Scramble for minerals, markets by foreign firms is forcing US to recalibrate security strategy in Africa

Scramble for minerals, markets by foreign firms is forcing US to recalibrate security strategy in Africa


“The US has recalibrated its approach. We will not only seek to empower the African continent in the field of security, development and governance, but we will also strive to help them address the drivers of instability and conflict to meet the ambition and promise of Africa.”

This is according to Deputy Assistant Secretary of Defence for African Affairs Chidi Blyden, who spoke in Washington in December.

She explained how US-Africa security ties are being revamped, with the recent US-Africa summit being one way to understand African challenges.

“For my work at the Department of Defence, our newly released National Defence Strategy prioritises three areas of engagement: countering violent extremist organisations, strengthening and enabling allies and partners to support mutual security objectives and addressing targeted strategic competition concerns that would have negative ramifications for the US and our partners.”

Blyden said through the recently launched US Strategy Towards Sub-Saharan Africa, “This Africa strategy will refocus US through four lines of effort: delivering democratic and security dividends, advancing pandemic recovery and economic opportunities, supporting conservation and climate change adaptations for strengthening a just energy transition, and strengthening our bilateral and multilateral partnerships in Africa.”
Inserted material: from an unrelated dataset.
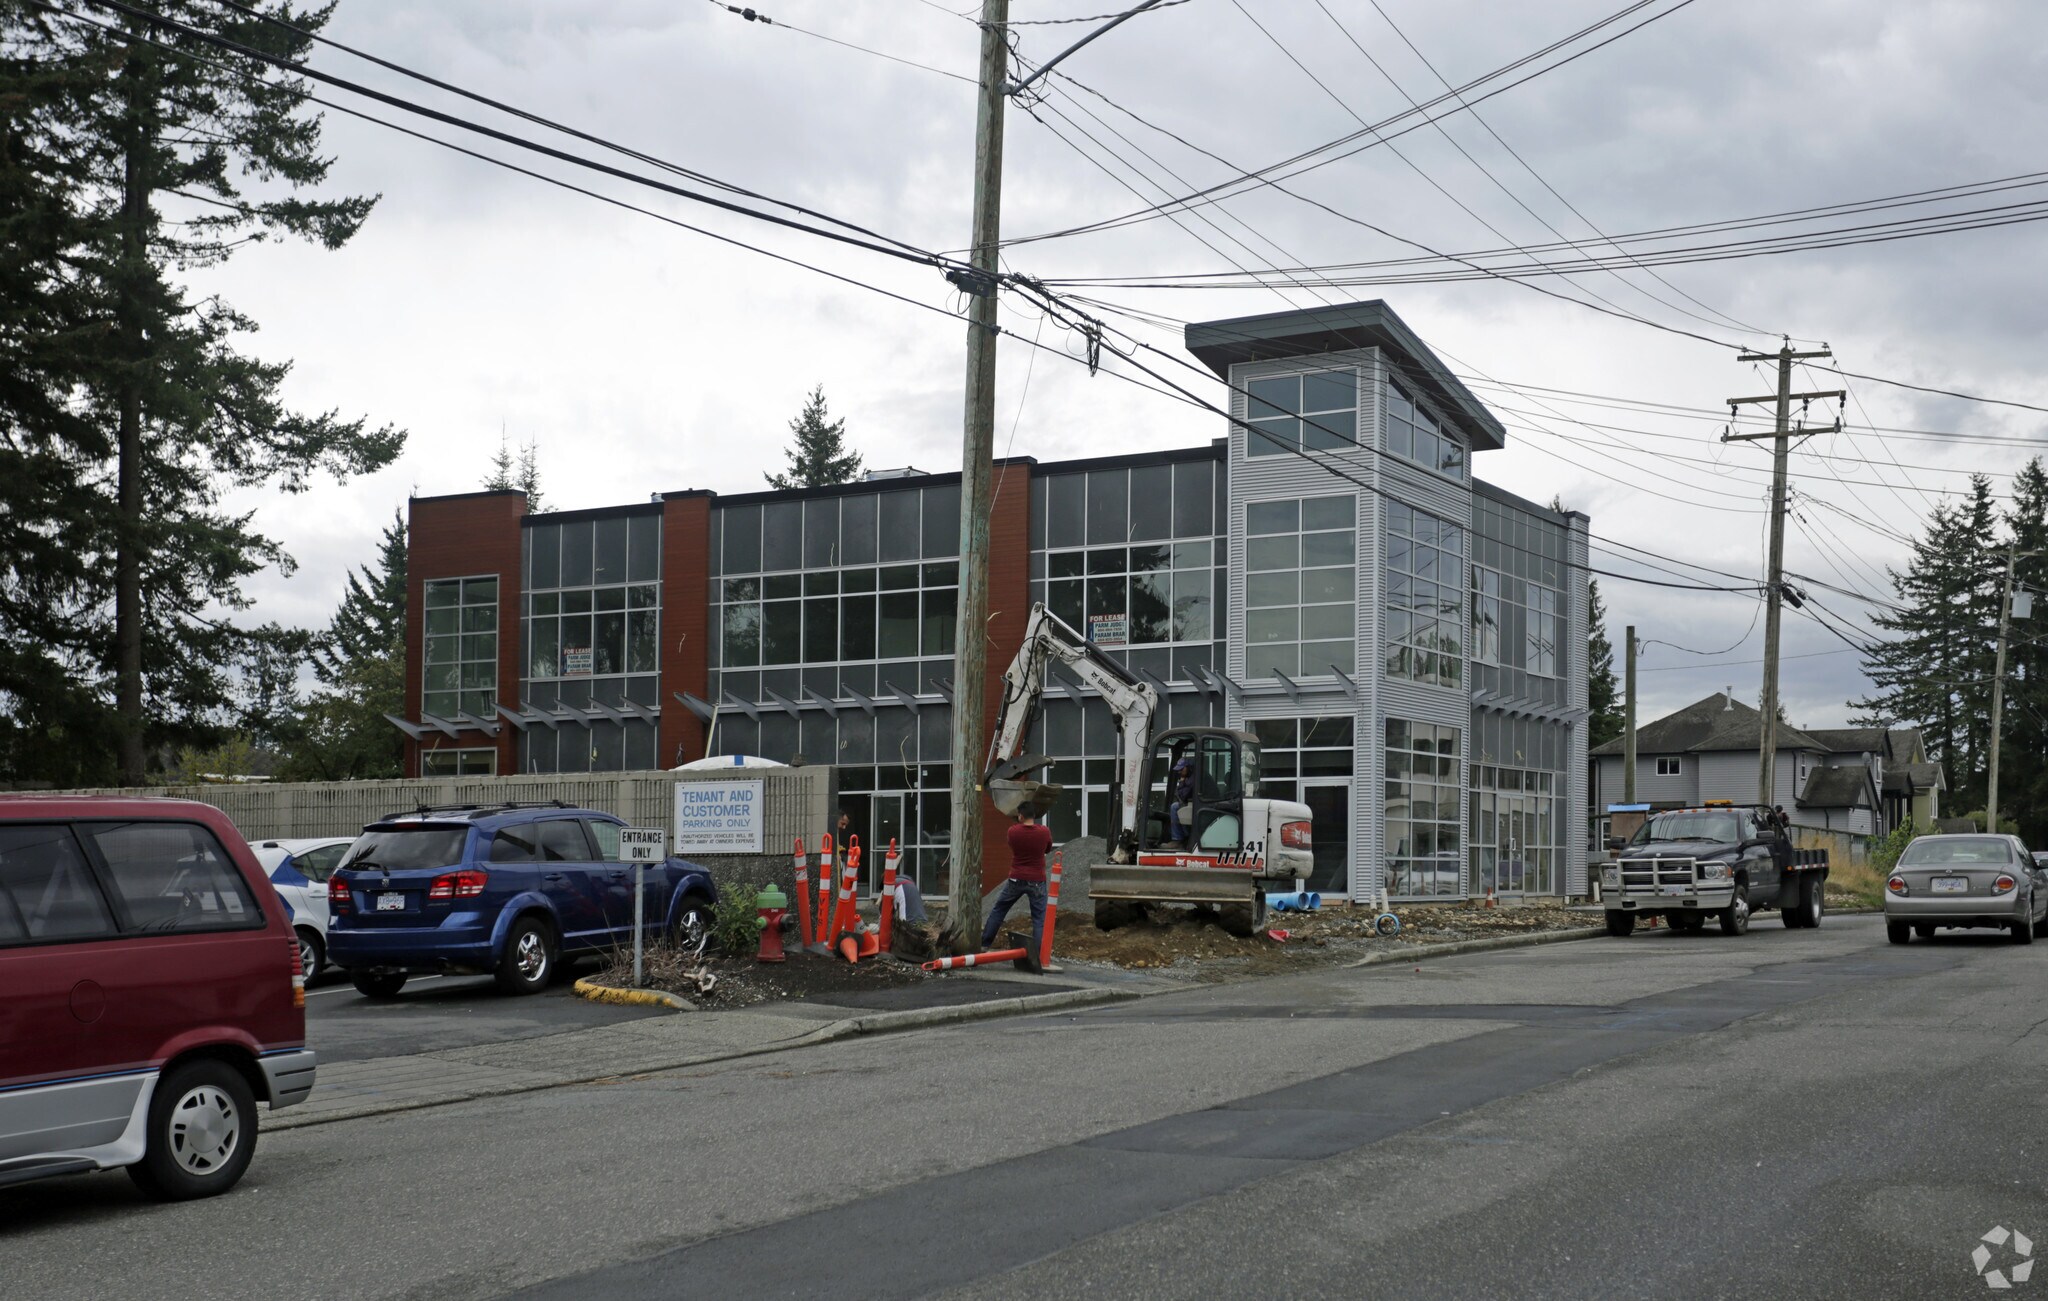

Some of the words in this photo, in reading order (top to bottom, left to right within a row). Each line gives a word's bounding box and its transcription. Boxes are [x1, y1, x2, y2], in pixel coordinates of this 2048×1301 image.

“We have seen the SADC region or the Southern African Development Community agreement members, intervene and – excuse me – respond to the crisis in Cabo Delgado in Mozambique. We have seen this also in nearby DRC where the regional leaders of the East African Community are employing their diplomatic and military solutions to bring stability to a conflict not just using military interventions but also using dialogue. America is a 3D construct. It uses development, defence and diplomacy – 3 Ds – tools to achieve its outcomes.”

An example of US efforts to improve security in Africa can be seen in Niger. In April 2022, US Africa Command supplied a field hospital to Niger and in Fiscal Year 2021 allocated $43 million to Niger for peacekeeping operations and military education and training.

In November 2022, the Department of Defence delivered eight armoured personnel carriers (APCs), spares and training to support Niger’s deployment to the UN mission in Mali (MINUSMA) and is procuring 38 additional APCs on a more recently awarded contract. These 46 new APCs are in addition to those previously provided to the G5 Sahel and Multinational Joint Task Force (MNJTF).

In the last three months, US commanding general, James Hecker of the US Air Forces in Europe and Air Forces Africa, had visited Air Base 101 and 201 in Niger where, “he met with the Niger Air Chief to obtain situational awareness from the Niger Armed Forces’ perspective on the threats in the area and discussed the partnership between nations,” according to the US Africa Command website.

“Each installation briefed Hecker on force protection along with a perimeter tour to better understand the installation’s significant improvements as well as ongoing challenges.”

The US in January handed over the last of three surplus C-130 Hercules transports to Niger, along with training, spares, and a new hangar.